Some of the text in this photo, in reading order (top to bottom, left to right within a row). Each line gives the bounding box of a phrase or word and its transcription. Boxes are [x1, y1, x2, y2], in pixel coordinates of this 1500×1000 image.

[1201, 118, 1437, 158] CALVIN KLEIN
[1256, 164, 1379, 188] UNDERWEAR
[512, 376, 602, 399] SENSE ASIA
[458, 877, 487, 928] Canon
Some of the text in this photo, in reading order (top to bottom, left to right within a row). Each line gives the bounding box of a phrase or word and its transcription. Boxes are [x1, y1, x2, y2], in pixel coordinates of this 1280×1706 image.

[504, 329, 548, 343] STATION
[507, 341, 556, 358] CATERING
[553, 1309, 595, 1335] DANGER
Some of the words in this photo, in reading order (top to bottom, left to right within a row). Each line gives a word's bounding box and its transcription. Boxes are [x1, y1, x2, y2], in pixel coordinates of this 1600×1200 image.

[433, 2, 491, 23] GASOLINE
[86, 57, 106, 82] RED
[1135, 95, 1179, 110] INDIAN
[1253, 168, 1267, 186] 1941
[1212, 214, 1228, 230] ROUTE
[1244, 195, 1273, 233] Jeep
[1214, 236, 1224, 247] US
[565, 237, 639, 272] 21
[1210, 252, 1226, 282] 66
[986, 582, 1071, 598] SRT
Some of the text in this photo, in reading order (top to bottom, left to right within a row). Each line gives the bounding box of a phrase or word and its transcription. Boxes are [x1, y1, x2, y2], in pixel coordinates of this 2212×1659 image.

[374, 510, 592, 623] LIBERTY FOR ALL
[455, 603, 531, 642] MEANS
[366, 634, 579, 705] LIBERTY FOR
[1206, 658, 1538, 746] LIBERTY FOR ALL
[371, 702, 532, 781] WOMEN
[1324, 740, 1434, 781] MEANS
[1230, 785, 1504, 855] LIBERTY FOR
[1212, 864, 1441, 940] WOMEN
-.-.-
INSTRUCTIONS FOR THE TASK: Reprint the entire listing exactly.

EXERCISE RESPONSE:
Some of the text in this photo, in reading order (top to bottom, left to right within a row). Each line gives the bounding box of a phrase or word and its transcription. Boxes are [x1, y1, x2, y2], in pixel coordinates of this 1500×1000 image.

[1201, 118, 1437, 158] CALVIN KLEIN
[1256, 164, 1379, 188] UNDERWEAR
[512, 376, 602, 399] SENSE ASIA
[458, 877, 487, 928] Canon
Some of the text in this photo, in reading order (top to bottom, left to right within a row). Each line gives the bounding box of a phrase or word and its transcription. Boxes are [x1, y1, x2, y2], in pixel coordinates of this 1280×1706 image.

[504, 329, 548, 343] STATION
[507, 341, 556, 358] CATERING
[553, 1309, 595, 1335] DANGER
Some of the words in this photo, in reading order (top to bottom, left to right within a row). Each line gives a word's bounding box and its transcription. Boxes are [x1, y1, x2, y2], in pixel coordinates of this 1600×1200 image.

[433, 2, 491, 23] GASOLINE
[86, 57, 106, 82] RED
[1135, 95, 1179, 110] INDIAN
[1253, 168, 1267, 186] 1941
[1212, 214, 1228, 230] ROUTE
[1244, 195, 1273, 233] Jeep
[1214, 236, 1224, 247] US
[565, 237, 639, 272] 21
[1210, 252, 1226, 282] 66
[986, 582, 1071, 598] SRT
Some of the text in this photo, in reading order (top to bottom, left to right within a row). Each line gives the bounding box of a phrase or word and its transcription. Boxes are [x1, y1, x2, y2], in pixel coordinates of this 2212×1659 image.

[374, 510, 592, 623] LIBERTY FOR ALL
[455, 603, 531, 642] MEANS
[366, 634, 579, 705] LIBERTY FOR
[1206, 658, 1538, 746] LIBERTY FOR ALL
[371, 702, 532, 781] WOMEN
[1324, 740, 1434, 781] MEANS
[1230, 785, 1504, 855] LIBERTY FOR
[1212, 864, 1441, 940] WOMEN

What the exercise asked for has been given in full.